Modelabels nehmen sich der Kreislaufwirtschaft an
Circular Fashion war 2021 eines der zentralen Themen und wird es vermutlich auch in diesem Jahr bleiben. Sei es der Weiterverkauf, die Reparatur oder das Recycling, immer mehr Modeunternehmen setzen auf die Kreislaufwirtschaft. Ist das nun das lang ersehnte Degrowth-Mindset, das wir so dringend benötigen?
Reparatur als Pilotprojekt oder fester Bestandteil des Businessmodells
Reparieren geht über konsumieren! Immer mehr Unternehmen bieten Käufer*innen einen Reparaturdienst ihrer bereits gekauften Artikel an. So auch der Online-Riese Zalando, der Ende 2021 mit „Care & Repair“ sein Pilotprojekt in Berlin startete. Über die Plattform von Save Your Wardrobe können Kund*innen die Reparatur von nun an ganz bequem online buchen.

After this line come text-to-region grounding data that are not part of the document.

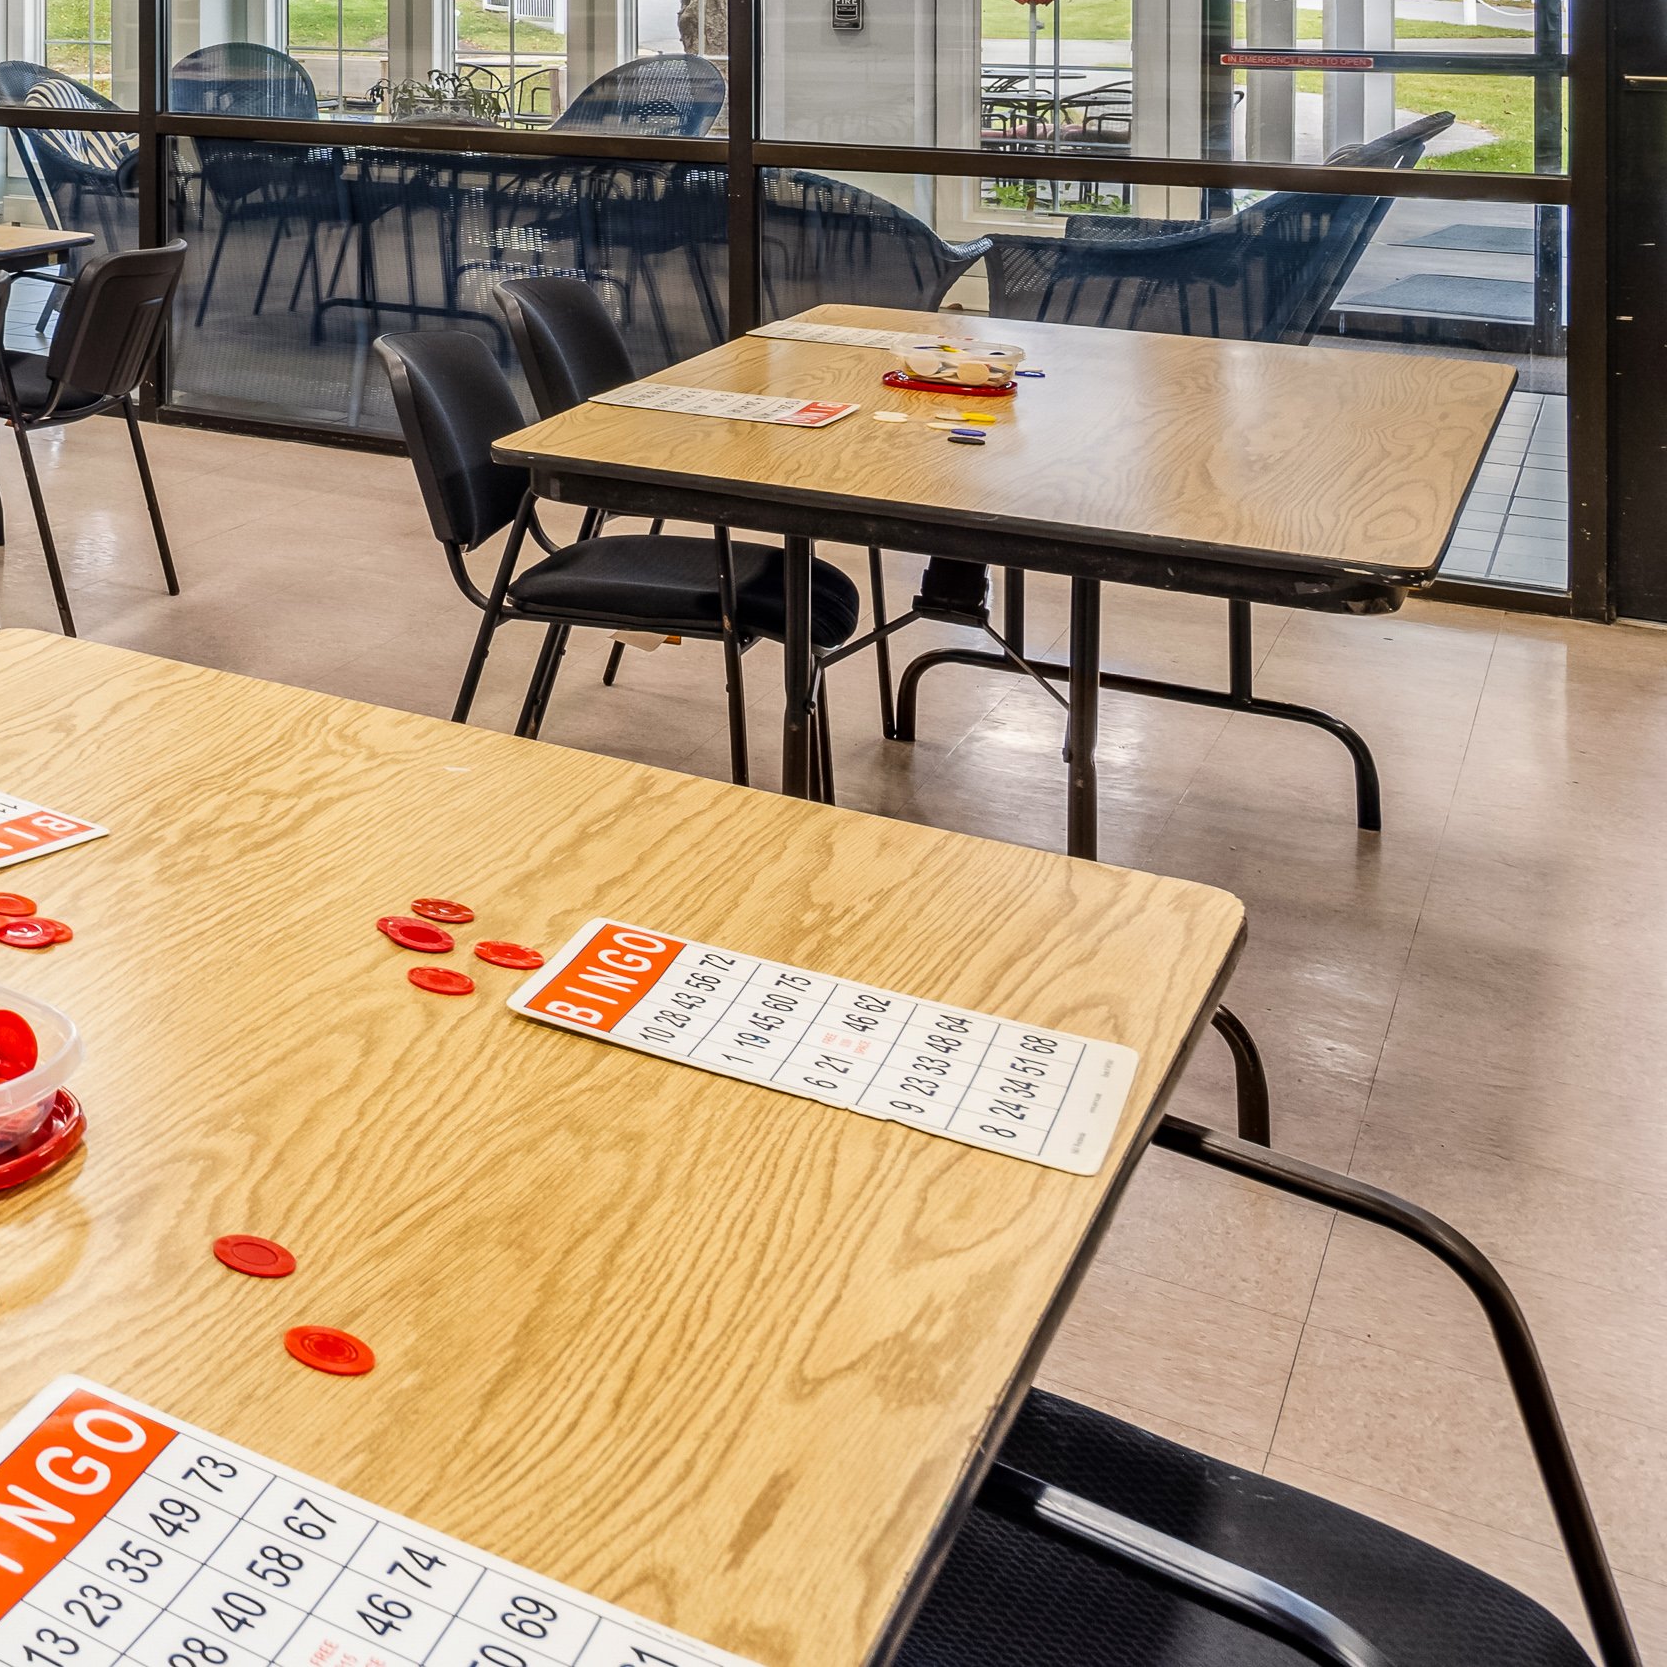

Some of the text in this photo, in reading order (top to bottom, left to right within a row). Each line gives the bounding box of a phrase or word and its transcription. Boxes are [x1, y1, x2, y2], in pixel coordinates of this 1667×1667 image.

[1227, 55, 1367, 66] IN EMERGENCY PUSH TO OPEN
[544, 931, 668, 1027] BINGO
[638, 953, 735, 1043] 10 28 43 56 72
[721, 973, 811, 1063] 1 19 45 60 75
[841, 994, 890, 1031] 46 62
[802, 1054, 852, 1088] 6 21
[889, 1014, 972, 1113] 9 23 33 48 64
[979, 1035, 1057, 1138] 8 24 34 51 68
[22, 1455, 237, 1667] 13 23 35 49 73
[211, 1592, 266, 1632] 40
[246, 1545, 303, 1587] 58
[283, 1498, 336, 1539] 67
[356, 1546, 446, 1635] 46 74
[469, 1596, 557, 1667] 0 69

Ähnliche Pläne haben auch Ganni und Sojo, die sich im Namen der Nachhaltigkeit zusammengeschlossen haben. Sojo ist ein Unternehmen, das Konsumierende mit Näher*innen und Schneider*innen in ihrer Nähe verbindet. Unterstützt wird die App von Depop-Gründer Simon Beckerman, dem es ein Anliegen ist, Reparatur- und Änderungsdienste zugänglicher und erschwinglicher zu machen.
Bei anderen Unternehmen ist die Reparatur bereits seit Jahren fester Bestandteil des Businessmodells. Die schwedische Denim-Marke Nudie Jeans verfügt beispielsweise über ein Netzwerk von Partnern und Reparaturwerkstätten auf der ganzen Welt, in denen Kund*innen ihre Jeans reparieren lassen können. Und in Deutschland bietet die Outdoor-Marke Vaude neben ihrem hauseigenen Reparaturservice sogar Reparaturanleitungen und Ersatzteile an.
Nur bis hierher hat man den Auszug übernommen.